2.   Surround Yourself With People Better Than You
If you can afford it, hire them. If you can’t, read what they write and listen to what they say. Follow them on Twitter, blogs or through conferences. Be it technical, tax, investment, sales, communication or marketing talent, don’t settle for a person with second-rate skills. Surround yourself with the very best and the benefits will flow to your business. 

3.   Learn to Question and Listen
Every client’s needs and circumstances are unique. Most will struggle to describe them without help. The great planners talk with their clients regularly and discover their secrets and passions.

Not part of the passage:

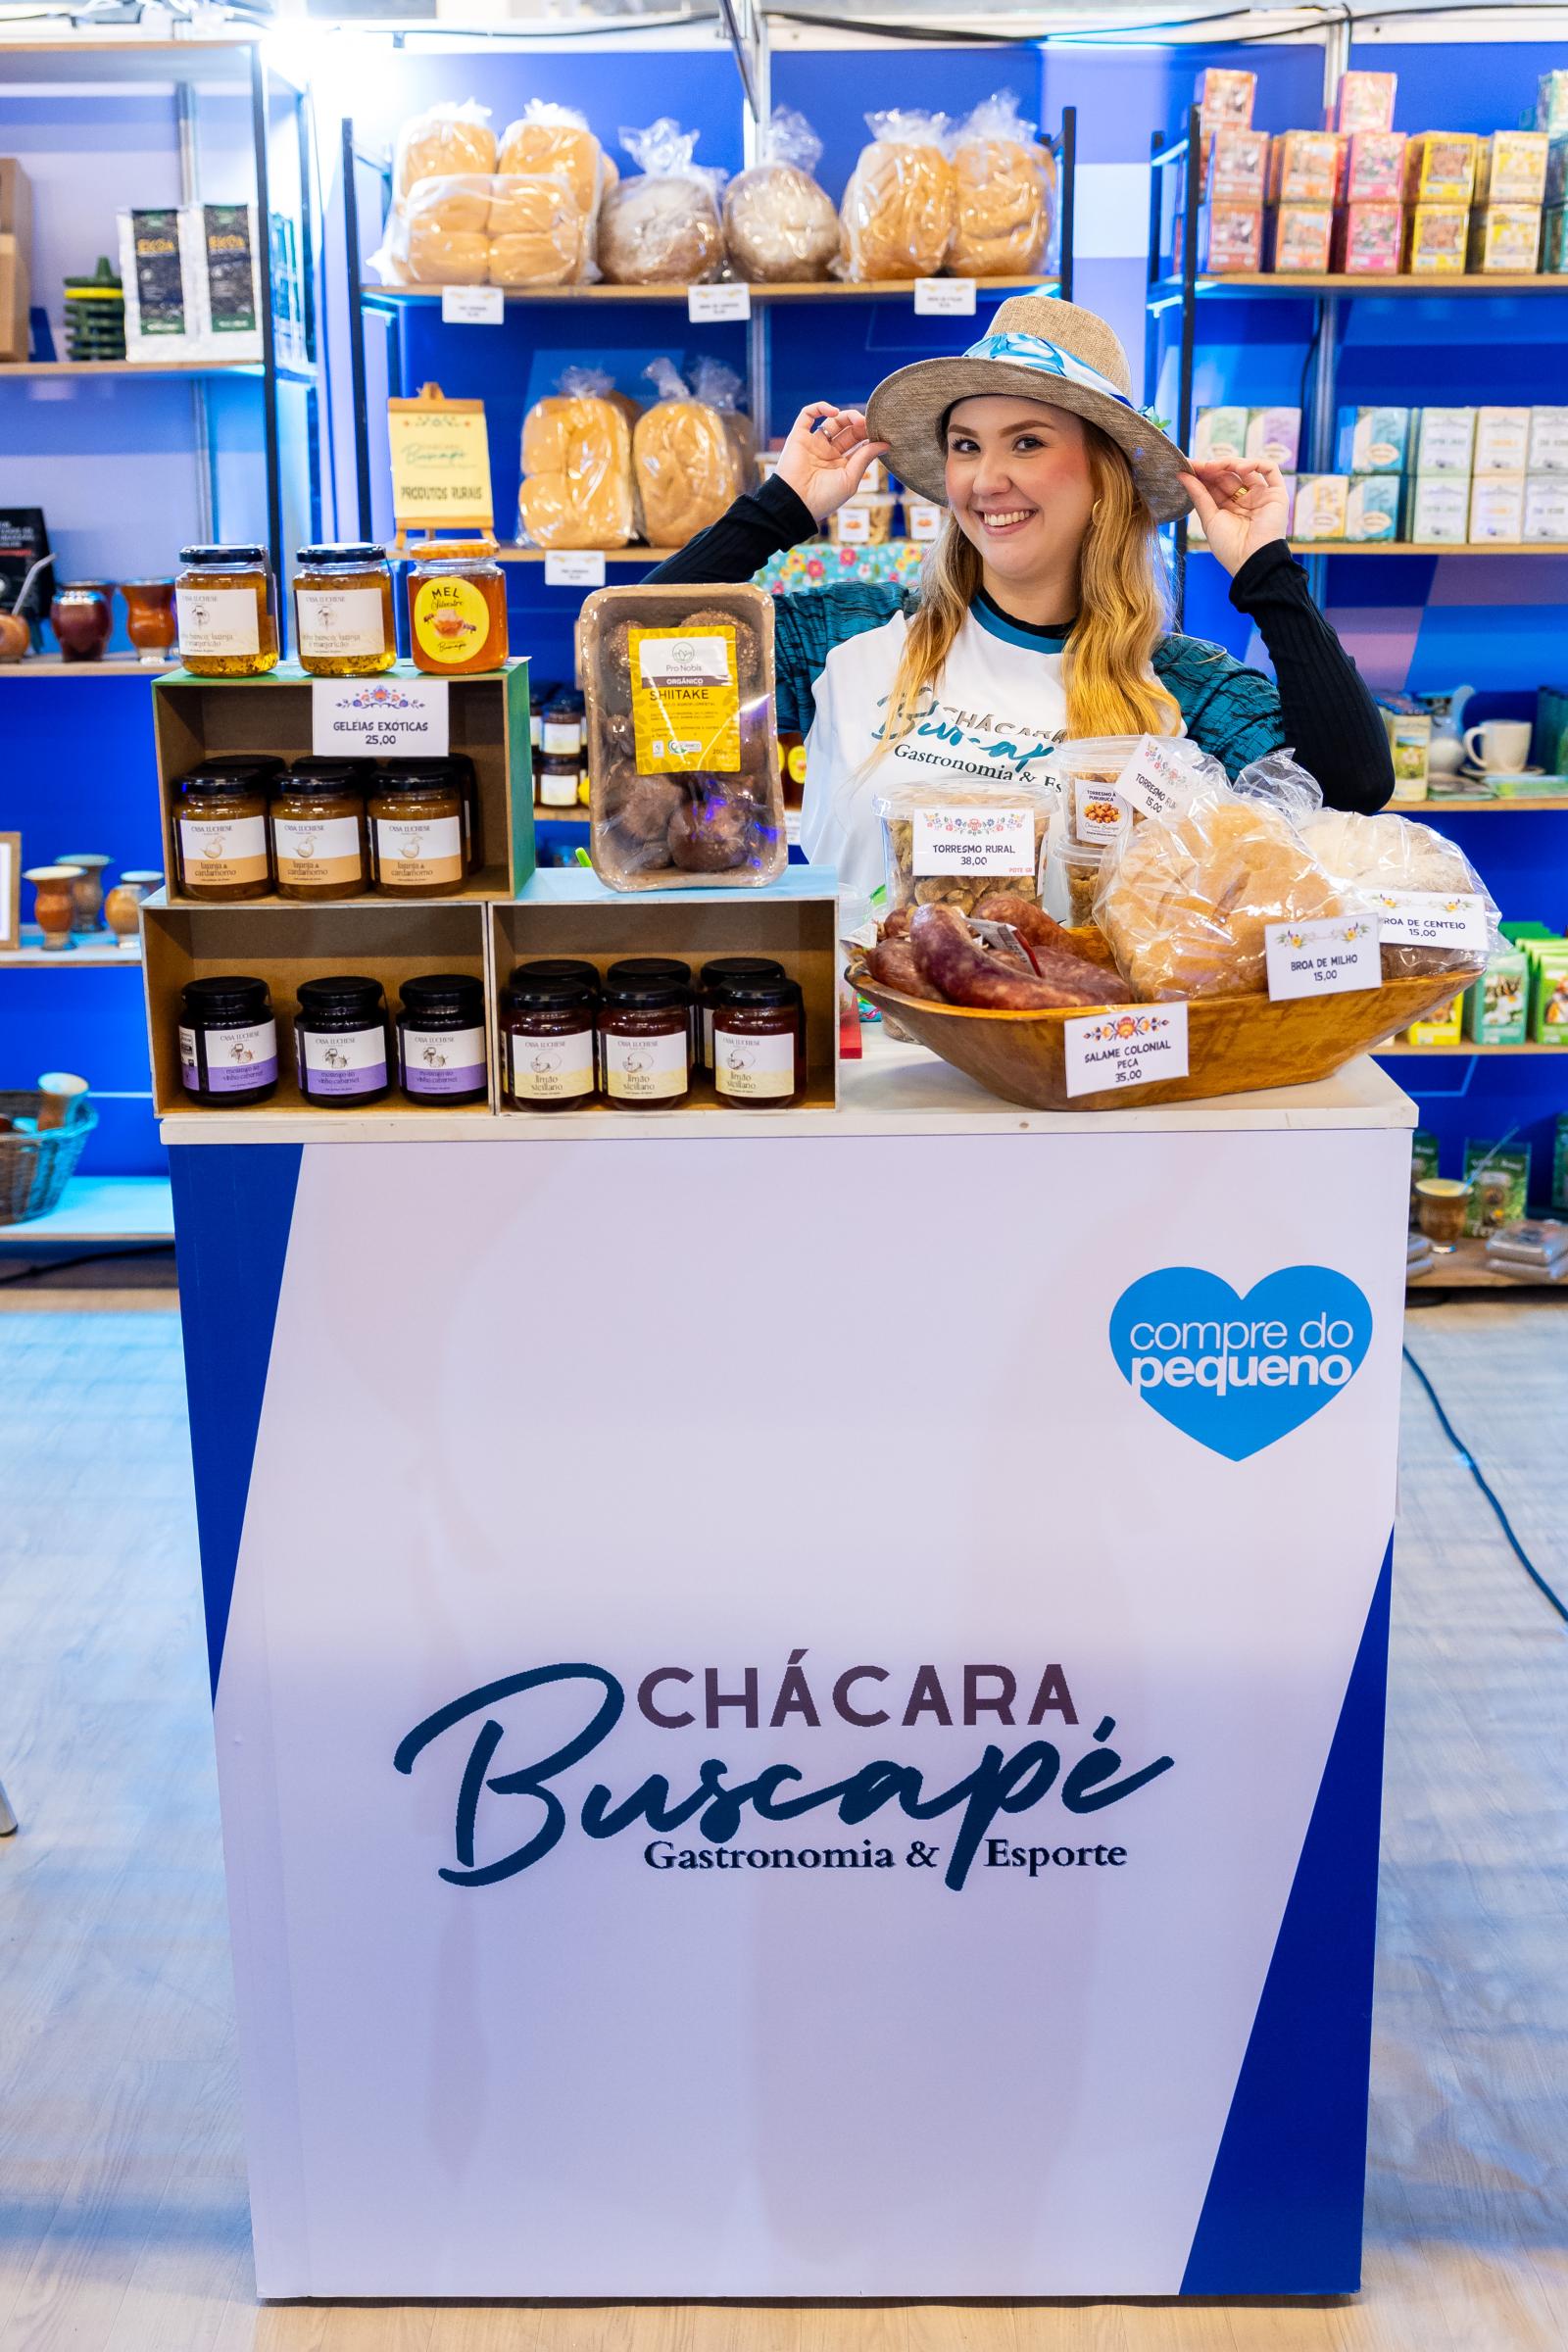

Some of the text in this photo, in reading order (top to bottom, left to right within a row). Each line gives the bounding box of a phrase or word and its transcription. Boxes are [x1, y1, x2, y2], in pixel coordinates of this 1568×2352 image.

My American colleagues call these “authentic conversations.” I heard a great description the other day: “Financial planning is no longer outsourced problem solving, it’s now about problems discovery, prioritization and collaborative resolution.”

4.   Communicate Consistently
Whether through your website, business cards or networks, communicate consistently about what sort of clients you are looking for and what you can do for them. Don’t work with those that don’t match your service offering.

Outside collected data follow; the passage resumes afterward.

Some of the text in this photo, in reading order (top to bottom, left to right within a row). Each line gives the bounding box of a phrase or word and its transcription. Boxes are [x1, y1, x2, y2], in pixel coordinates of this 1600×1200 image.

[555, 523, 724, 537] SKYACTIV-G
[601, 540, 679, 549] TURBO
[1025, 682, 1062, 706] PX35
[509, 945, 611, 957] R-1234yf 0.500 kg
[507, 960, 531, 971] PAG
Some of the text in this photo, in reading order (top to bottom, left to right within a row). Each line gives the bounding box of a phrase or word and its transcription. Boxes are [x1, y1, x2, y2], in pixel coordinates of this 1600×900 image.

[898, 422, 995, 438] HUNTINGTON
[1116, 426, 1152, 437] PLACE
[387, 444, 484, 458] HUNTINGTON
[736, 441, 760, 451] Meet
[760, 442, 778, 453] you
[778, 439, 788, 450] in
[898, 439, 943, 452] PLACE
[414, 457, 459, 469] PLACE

5.   Never Treat Couples as a Single Entity
Not only is this legally risky for an advisor, but it is ethically wrong. Each partner is likely to have different goals, aspirations and probably risk tolerance. Respect for individuality is the heart of great financial advice.

6.   Run the Cash Flow Scenarios
Explore alternative behaviors. Help clients understand the consequences of working longer, spending differently, establishing alternative goals. Investment recommendations are the final outcome of this tradeoff process. Ultimately, clients are the ones who must make the choices.

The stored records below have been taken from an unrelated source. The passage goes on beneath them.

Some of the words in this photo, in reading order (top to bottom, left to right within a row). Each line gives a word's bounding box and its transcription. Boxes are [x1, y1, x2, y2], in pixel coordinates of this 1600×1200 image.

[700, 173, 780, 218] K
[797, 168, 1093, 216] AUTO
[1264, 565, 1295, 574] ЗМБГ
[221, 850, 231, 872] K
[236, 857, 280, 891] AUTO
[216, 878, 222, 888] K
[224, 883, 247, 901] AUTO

7.   Offer Explicable Portfolios Suited to Client Needs
Clients must be able to give their informed consent to the risks in both their financial plan and their investments. Clients control the plan, the markets control the investments. Frame investment returns and volatility from the client’s perspective. Make sure they understand what they are getting into.  

8.   Reciprocity
You will receive much more than you will ever share in your professional and business life. Work to maximize what you can share. In return you will find that referred clients will emerge who are easy to manage and already have a view of the value you bring. This will build goodwill in your business. 

9.  Strive for Trust
Financial planners have a great opportunity to become recognized as trusted professionals, alongside teachers and doctors. I am not talking here of financial planning in just the better portfolio or tax sense, but the life-changing sense. Help clients to achieve life-planning, goal-setting behavioral changes that emancipate them, just as the two other professionals free their pupils and patients to have richer, more relevant and healthier lives. 

10. Address Client Risk
Test clients’ risk tolerance with the most accurate tools you can access (disclosure: I’m a cofounder of FinaMetrica, the risk tolerance testing company). Unlike, say, height or weight, there is no standard unit of measurement for risk tolerance, which is an enduring psychological trait rather than a temporary state.

The scientific discipline of psychometrics has developed to make personal traits such as risk tolerance measureable; a test can be completed in as little as 10 minutes and can accurately reveal so much about investors’ needs and preferences. This self-awareness empowers individuals to be more involved with decisions about their financial future.